Indirect end-label analysis of chromatin structure of 314-17Δ80lacZΔNco, which bears the GAL4-CYC1-lacZ reporter gene. MNase cleavage sites in chromatin (lanes C) and DNA (lanes D) were mapped relative to a PvuII site that is 400 bp upstream of the GAL4-binding site (UAS_G). Cell lysates (32) or DNA was digested with MNase at 20 U/ml (lane 1), 5 U/ml (lane 2), 0 U/ml (lane 3), 4 U/ml (lane 4), or 10 U/ml (lane 5). The location of the GAL4 site is indicated by G, and the locations of the two major TATA elements in the CYC1 promoter (45) and the lacZ gene are also indicated.
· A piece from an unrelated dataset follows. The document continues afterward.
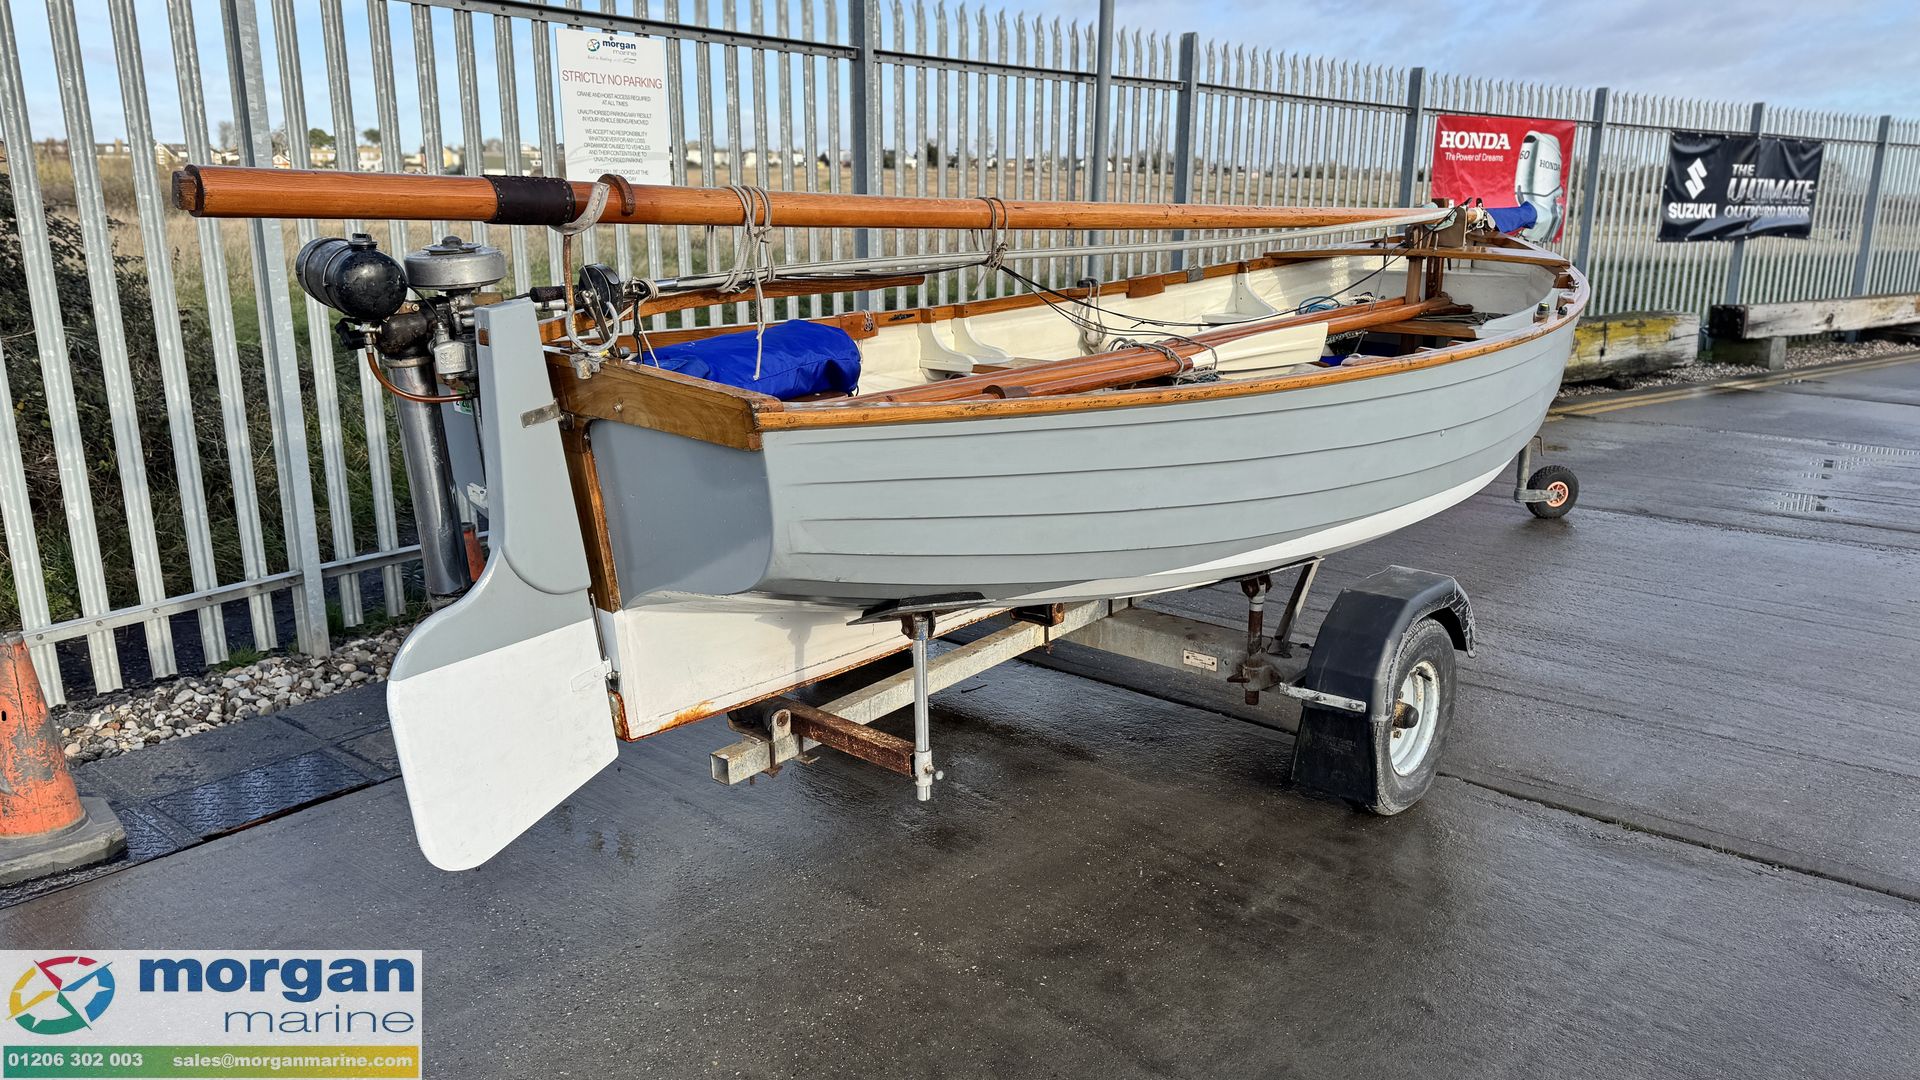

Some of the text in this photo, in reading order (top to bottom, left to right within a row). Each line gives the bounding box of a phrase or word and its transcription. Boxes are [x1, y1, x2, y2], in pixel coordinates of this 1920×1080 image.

Lanes 1 to 3 and lanes 4 and 5 were taken from separate gels which ran identically (as shown by size markers).

FIG. 6

Activity of the two reporter genes, GAL4-CYC1-lacZ and GAL10-MEL1, induced by different activation domains in SWI⁺ (strain CY296) and swi1Δ (strain CY297b) cells. The activators used were GAL4, GAL4·ER·VP16, GAL4·ftz, and GAL4·GAL11. Activities were measured for at least three independent clones for each sample. Some standard errors were too small for the error bars to be seen in the graphs.